When you start thinking about the your client's business model, it is helpful to distinguish businesses who sell to individual consumers ("B2C" businesses) from businesses who sell to other businesses ("B2B" businesses). Of course, a company can serve both types of customers, but there are some important considerations unique to each type of buyer.

Selling to human beings ("B2C")

Consumers are human beings, and human beings have human needs. Some needs are tangible, and shared by all: Food, shelter, safety. Some are more abstract, but still shared by all: the need to connect, the need to belong, the need to achieve. But as you layer up the wonderful diversity of taste, experience, and circumstance onto the base human condition, those underlying needs manifest in more and more specific ways, and so we have a demand for a particular shade of lipstick, a particular style of shirt, or a chatbot with a particular sense of humour. Businesses who sell to customers are catering to these needs, whether directly or indirectly.

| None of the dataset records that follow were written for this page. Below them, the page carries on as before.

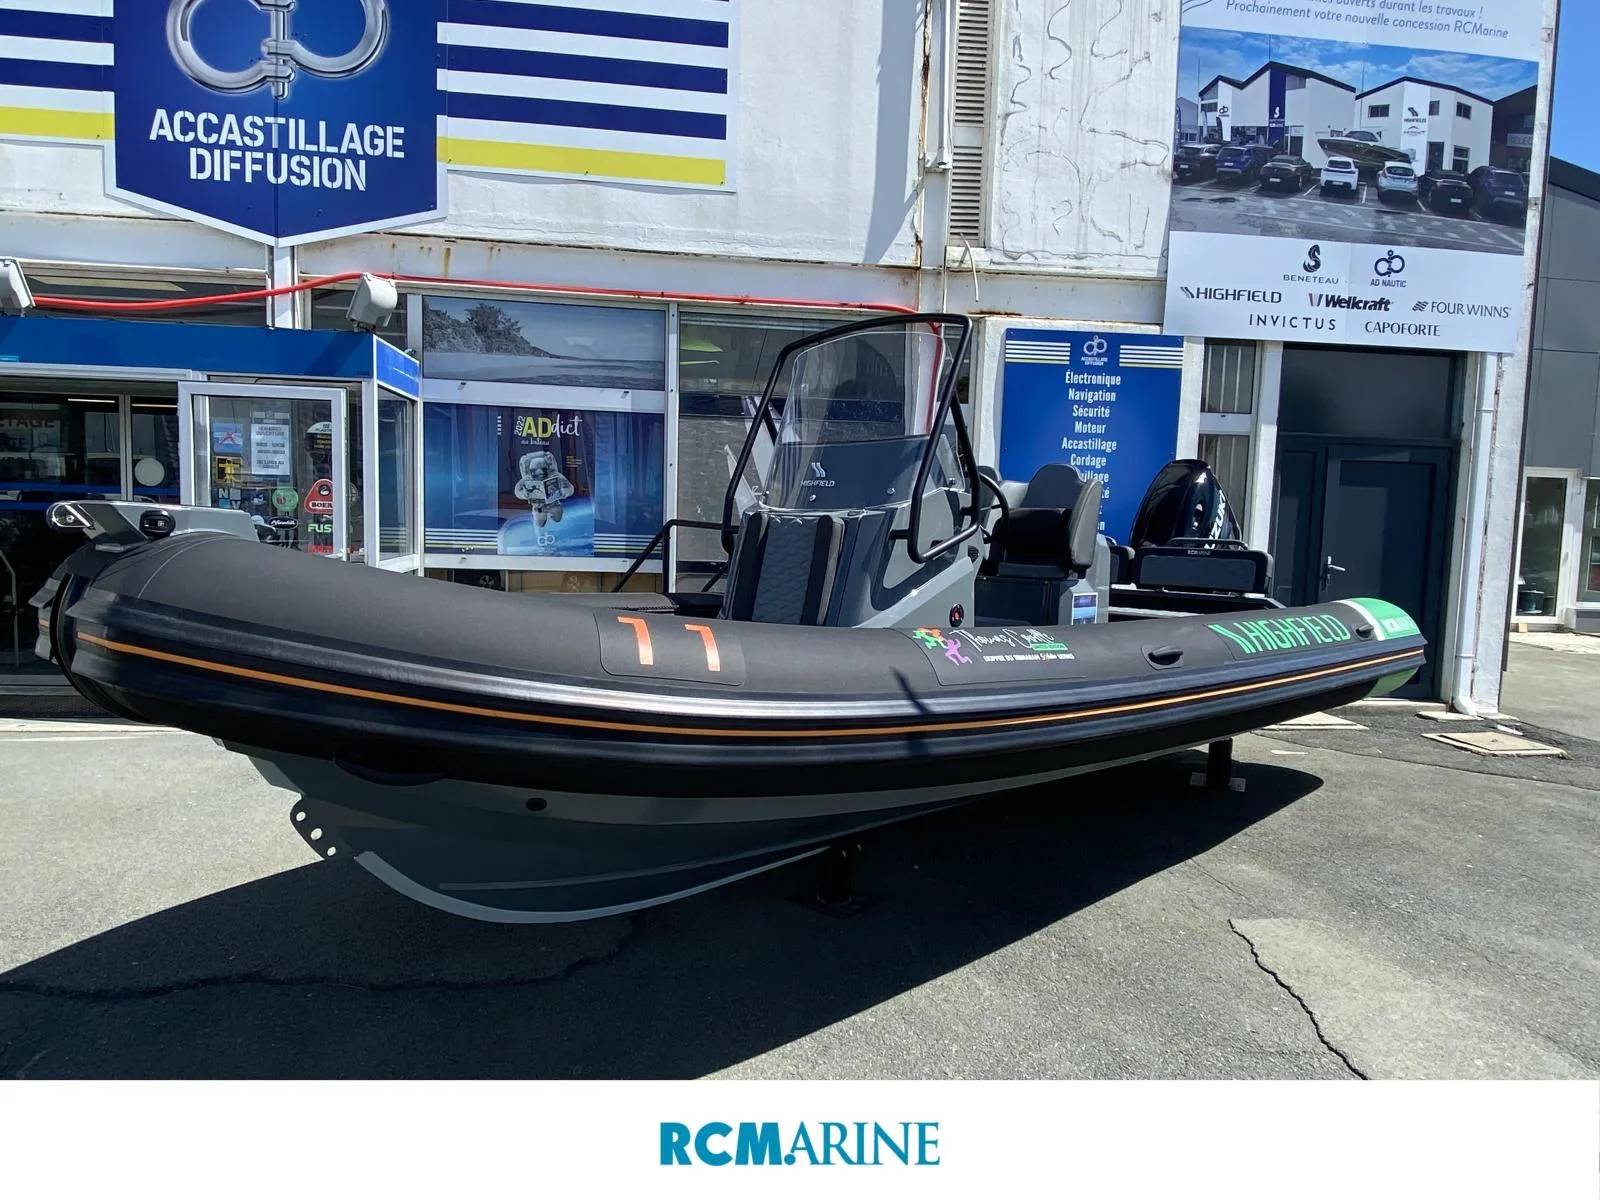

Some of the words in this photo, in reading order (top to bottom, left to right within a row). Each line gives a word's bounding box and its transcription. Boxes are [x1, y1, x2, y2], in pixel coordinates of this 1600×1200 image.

[1379, 0, 1415, 13] durant
[1418, 2, 1433, 13] les
[1436, 6, 1475, 18] travaux
[1226, 0, 1310, 17] Prochainement
[1314, 9, 1342, 21] votre
[1345, 13, 1389, 26] nouvelle
[1392, 18, 1450, 32] concession
[1453, 20, 1509, 38] RCMarine
[149, 108, 405, 159] ACCASTILLAGE
[189, 147, 366, 191] DIFFUSION
[1283, 274, 1339, 284] BENETEAU
[1370, 279, 1380, 287] AD
[1382, 279, 1407, 288] NAUTIC
[1196, 287, 1282, 304] HIGHFIELD
[1325, 294, 1391, 312] Wellcraft
[1431, 301, 1465, 315] FOUR
[1467, 304, 1509, 319] WINNS
[1249, 313, 1336, 331] INVICTUS
[1364, 321, 1441, 337] CAPOFORTE
[1065, 369, 1121, 387] Électronique
[1068, 388, 1116, 403] Navigation
[1072, 405, 1110, 418] Sécurité
[1074, 421, 1106, 434] Moteur
[1061, 437, 1117, 452] Accastillage
[1070, 453, 1106, 469] Cordage
[1081, 470, 1109, 484] illage
[307, 524, 333, 533] FUS
[1233, 614, 1351, 652] HIGHFIELD

If your client sells to consumers, where are they? How old are they? How much do they earn? As you drill down further and further, you can start to define a very specific, representative customer persona. This is where things get really fun: having described an archetypal customer in vivid and intricate detail, you can take that persona through what marketing professionals call the customer journey. This means imagining, step by step, how that person's need for the product arises, becomes a conscious desire, followed by awareness of a product, and finally a decision to buy. Smart entrepreneurs, marketers and product designers actually extend the customer journey, and continue to model the consumer's experience all the way through the lifetime of the product, or the duration of the service, so that they can plan for the eventual renewal, upsell, refill or replacement. As I have said several times already, business exists in the real world, and the more you understand the lived experience of the consumer, the more detailed and accurate your understanding of them, the better your intuitions will be about your clients who sell to them.

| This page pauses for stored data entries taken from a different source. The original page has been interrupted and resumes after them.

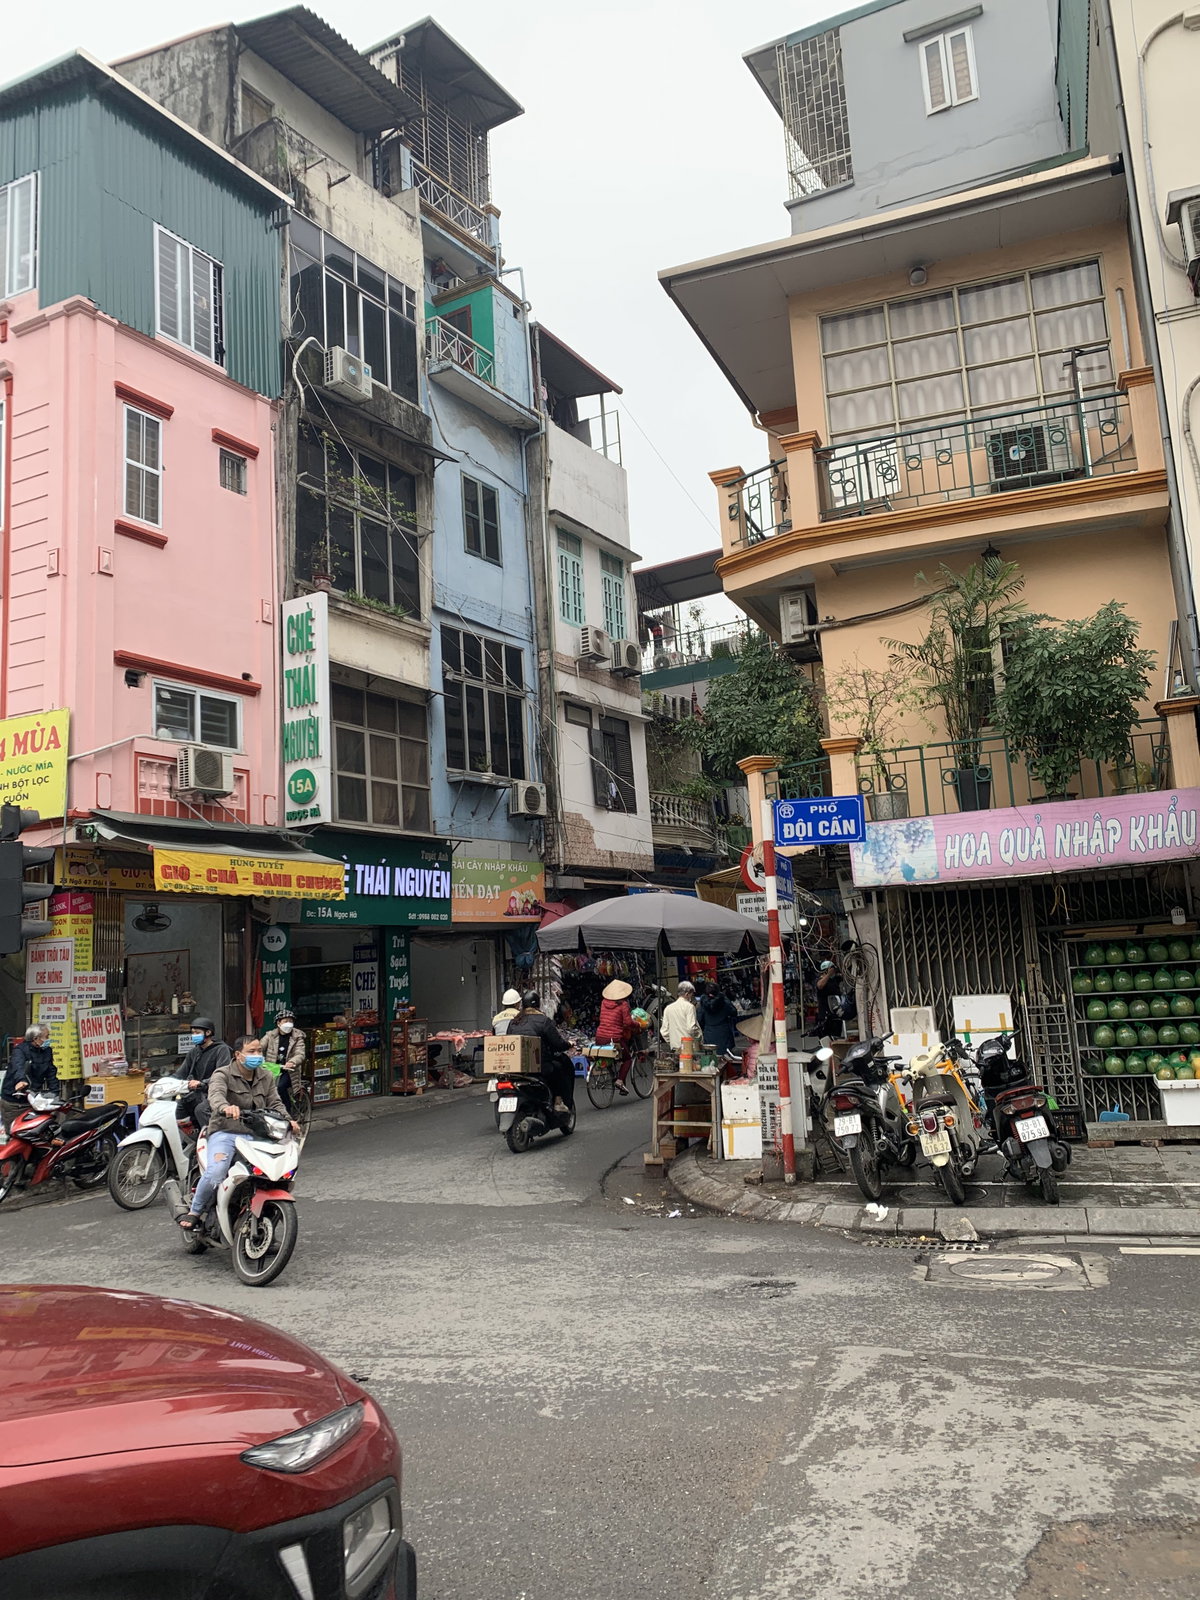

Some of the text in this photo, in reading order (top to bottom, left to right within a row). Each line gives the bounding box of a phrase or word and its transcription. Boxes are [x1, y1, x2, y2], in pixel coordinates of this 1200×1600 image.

[286, 602, 316, 655] CHÈ
[285, 655, 319, 710] THÁI
[6, 763, 33, 776] NƯỚC
[35, 760, 54, 771] MÍA
[12, 779, 30, 791] BỘT
[32, 775, 50, 787] LỌC
[289, 777, 313, 795] 15A
[810, 801, 838, 814] PHỐ
[783, 815, 856, 841] ĐỘI CẤN
[944, 795, 1197, 869] HOA QUẢ NHẬP KHẨU
[229, 857, 285, 870] HÙNG TUYẾT
[467, 860, 483, 870] CÂY
[484, 861, 506, 873] NHẬP
[160, 863, 191, 882] GIÒ
[206, 867, 239, 885] CHẢ
[252, 870, 292, 888] BÁNH
[355, 858, 391, 896] THÁI
[394, 862, 451, 899] NGUYÊN
[477, 884, 501, 904] ĐẠT
[317, 906, 333, 918] 15A
[355, 966, 377, 991] CHÈ
[388, 972, 409, 990] Tuyết
[80, 1012, 104, 1038] BÁNH
[83, 1039, 123, 1058] BÁNH BAO
[1021, 1127, 1047, 1141] 875.98

Selling to businesses ("B2B")

Businesses also have needs. Just as with human needs, these may start out from some underlying commonalities but will manifest as incredibly specific requirements. But however complex or unique a business might seem, what all of them have in common is that they want to increase their revenues or decrease their costs. Business who sell to businesses are trying to help their customers raise their revenues or reduce their costs, either directly or indirectly.

A slightly different set of intuitions is useful when selling to businesses, as opposed to individual human beings. First is to understand that the decision to buy is probably slower, more deliberate, and more complicated. Why? One reason is that purchase decisions are important: they impact revenues or expenses (or both), and therefore are subject to some sort of risk management and safeguards (usually some sort of approval process). Another reason is that many more people are involved. For any major decision there will be a formal or informal "buying group," which might include finance, compliance and risk, as well as the purchasing or procurement department, in addition to the actual department who needs to use the product or service being purchased. On the other The second is business purchasing decisions are likely to be "stickier": Once a vendor has been vetted and selected, there is a bias toward continuing to purchase from them. Business organisations are generally long-lived repeat players in their industry. Purchase decisions may be as much about the overall relationship with a seller, as about the economics of a particular sale. So, I believe that one of the first things you should do when learning about a new corporate client is to look at their key customer accounts, and think about those vendor relationships in the context of the industry.